Have our experts help you prevent disaster before it occurs.
The consequences and cost of compromised healthcare data can be staggering. In addition to the liability of leaked patient medical records and financial data, compliance certifications can be revoked and substantial fines levied. Reputation damage could be devastating. A Security Risk Assessment (SRA) by BTS will not only help you avoid a security disaster, but also give you the confidence that you are meeting the latest HIPAA, Meaningful Use and MACRA/MIPS Advancing Care requirements. As exclusive healthcare IT security and compliance experts, engaging BTS for your SRA can not only allow you to focus more on improving patient care, but also give you the confidence that your SRA includes the latest threat, safeguard and compliance considerations.
SRA Essential Components
Our SRA includes a complete examination of these essentials:
- Review of PHI inventory to determine where electronic and other data is located
- Examination of the three safeguards required by 45 CFR 164.308 (a)(1) — administrative, physical and technical, including the latest Omnibus rules. (This is a facet many assessment providers overlook.)
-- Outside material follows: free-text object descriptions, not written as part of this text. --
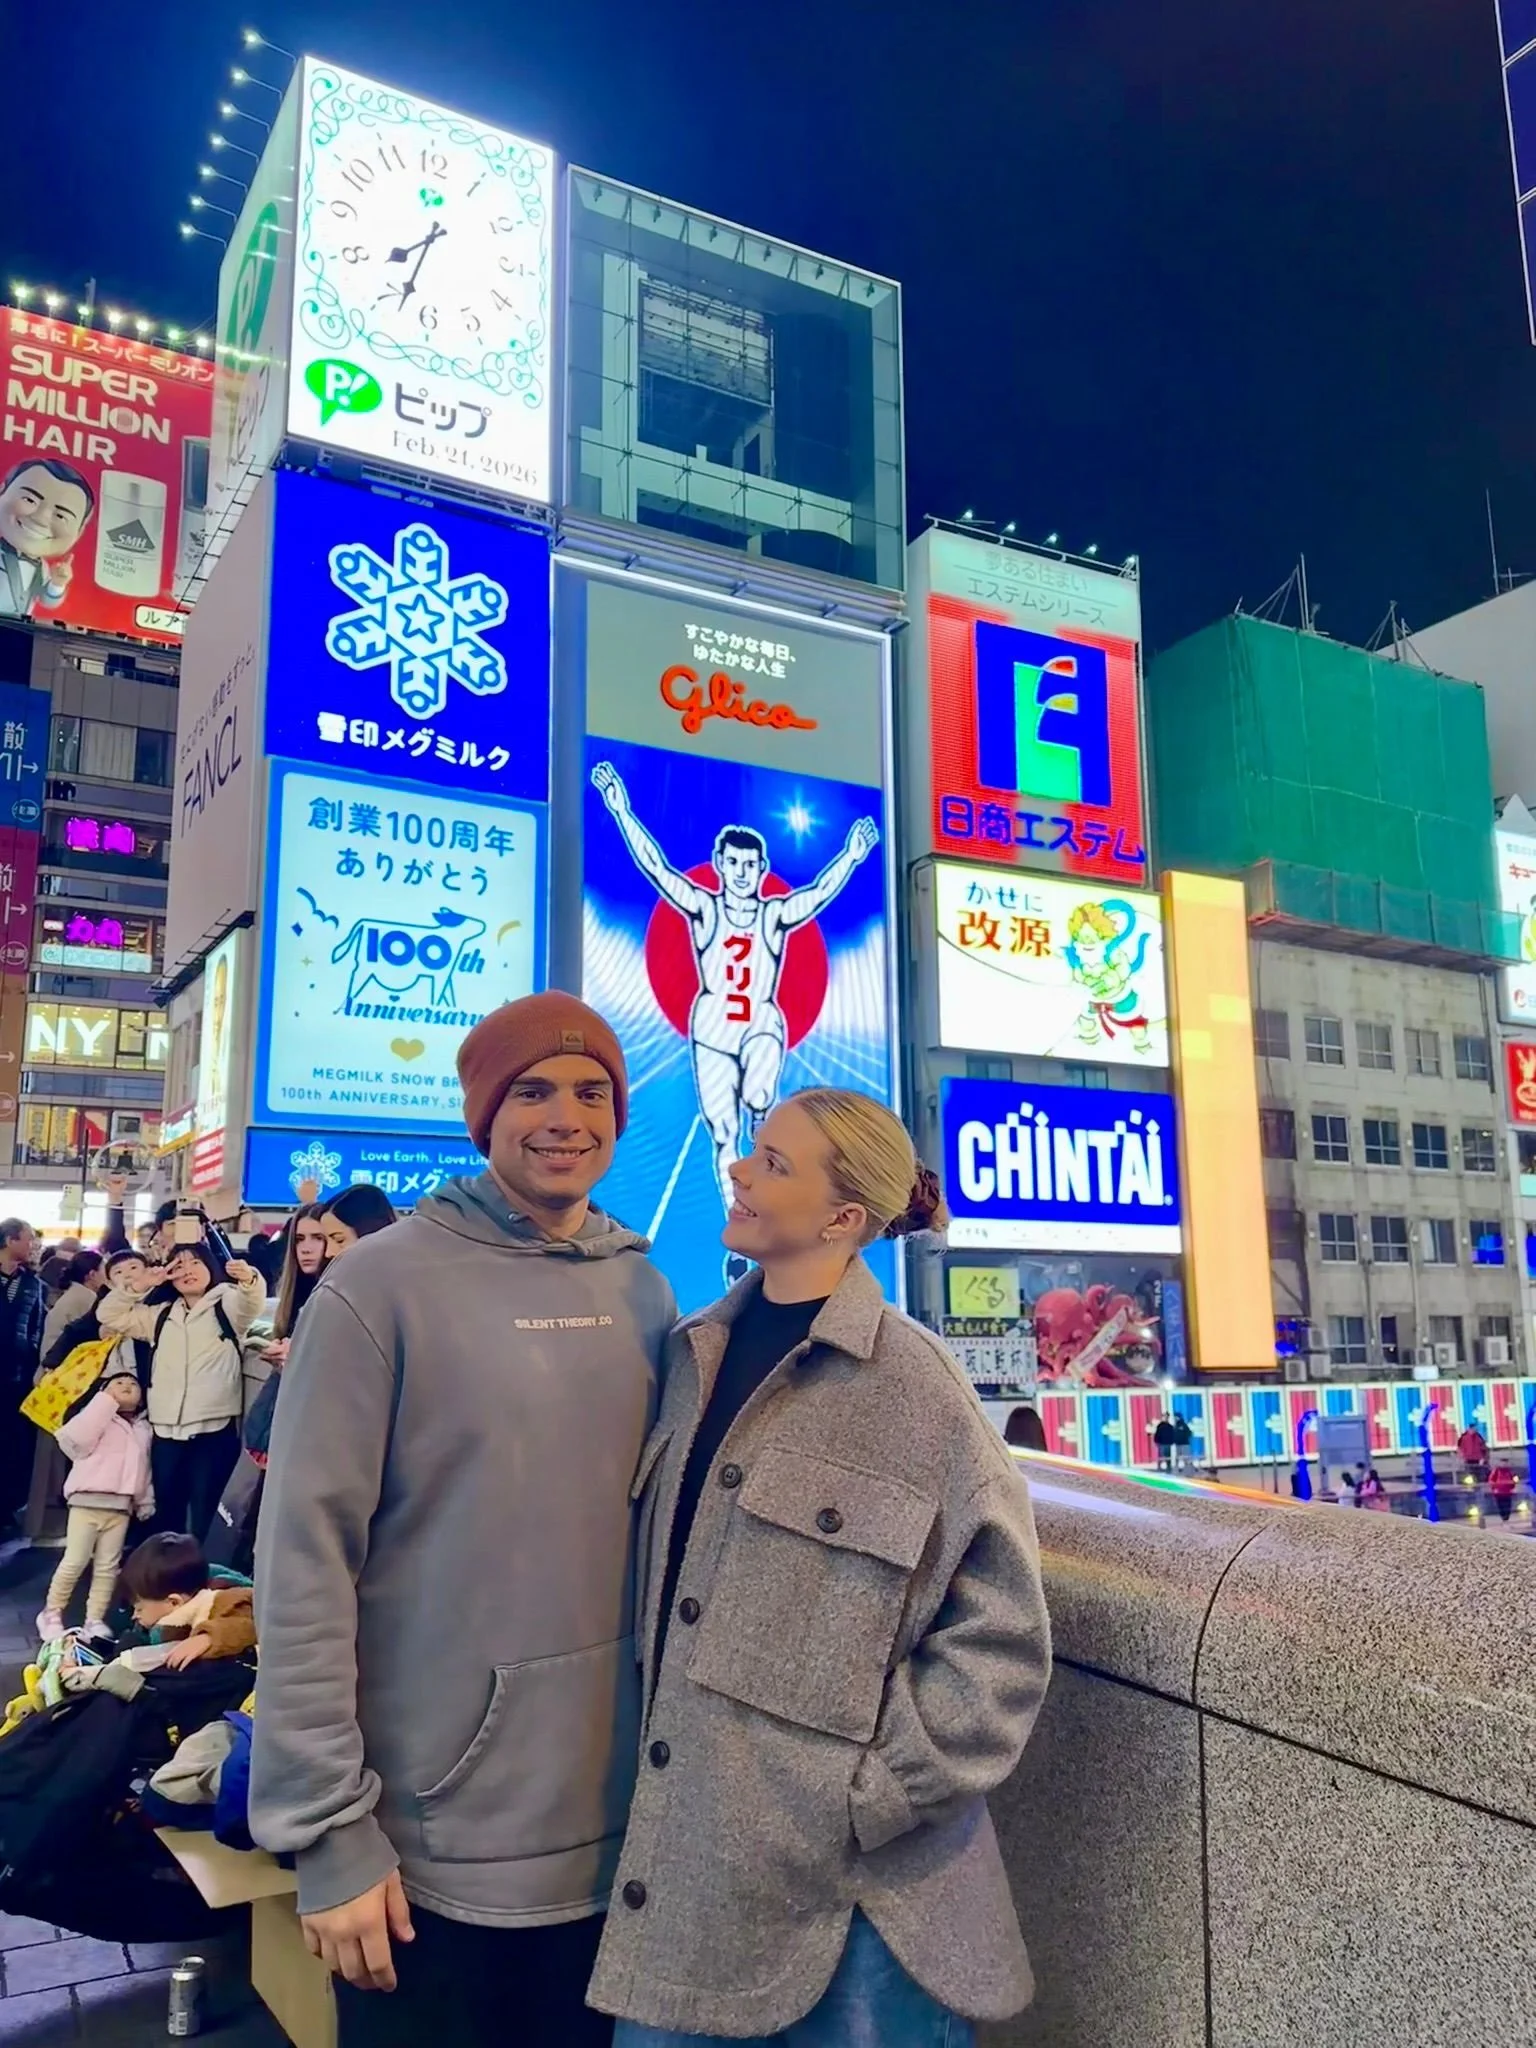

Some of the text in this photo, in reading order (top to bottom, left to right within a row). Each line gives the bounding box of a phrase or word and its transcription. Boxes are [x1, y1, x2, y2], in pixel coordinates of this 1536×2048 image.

[341, 158, 375, 193] 10
[419, 147, 450, 179] 12
[329, 200, 358, 222] 9
[340, 244, 370, 265] 8
[418, 304, 438, 331] 6
[489, 289, 513, 313] 4
[460, 307, 481, 333] 5
[10, 344, 158, 406] SUPER
[325, 363, 369, 407] P!
[6, 379, 170, 444] MILLION
[395, 381, 493, 438] ピップ
[3, 414, 117, 465] HAIR
[480, 455, 538, 486] 2026
[118, 533, 148, 548] SMH
[693, 644, 787, 679] ゆたかな人生
[659, 664, 817, 735] Glico
[317, 711, 511, 772] 雪印メグミルク
[181, 705, 242, 838] FANCL
[307, 797, 515, 857] 創業100周年
[941, 795, 1146, 864] 日商エステム
[336, 846, 489, 897] ありがとう
[966, 880, 1043, 912] かせに
[958, 910, 1052, 958] 改源
[722, 931, 756, 1023] グリコ
[28, 1015, 111, 1057] NY
[281, 1087, 322, 1101] 100th
[313, 1067, 459, 1088] MEGMILK SNOW BR
[361, 1150, 390, 1161] Love
[394, 1150, 433, 1163] Earth.
[438, 1152, 466, 1165] Love
[350, 1167, 450, 1194] 雪印メグ
[514, 1318, 555, 1329] SILENT
[556, 1316, 596, 1328] THEORY
- Assessment of current HIPAA security compliance operations, including safeguards in place, vulnerabilities, and specific threats to safeguards
- Evaluation of existing security policies and procedures
Comprehensive Findings & Recommendations
BTS provides a comprehensive, audit-ready report with findings and recommendations that includes detailed vulnerabilities and remediation recommendations. Remediation may include outsourcing disaster recovery, backup and restore processes, information hosting, and perimeter testing.
Of course, your SRA may have unique requirements based upon your particular business. One of BTS’s strengths is our breadth and depth of compliance experience. We can quickly and effectively help you with any specialized SRA need.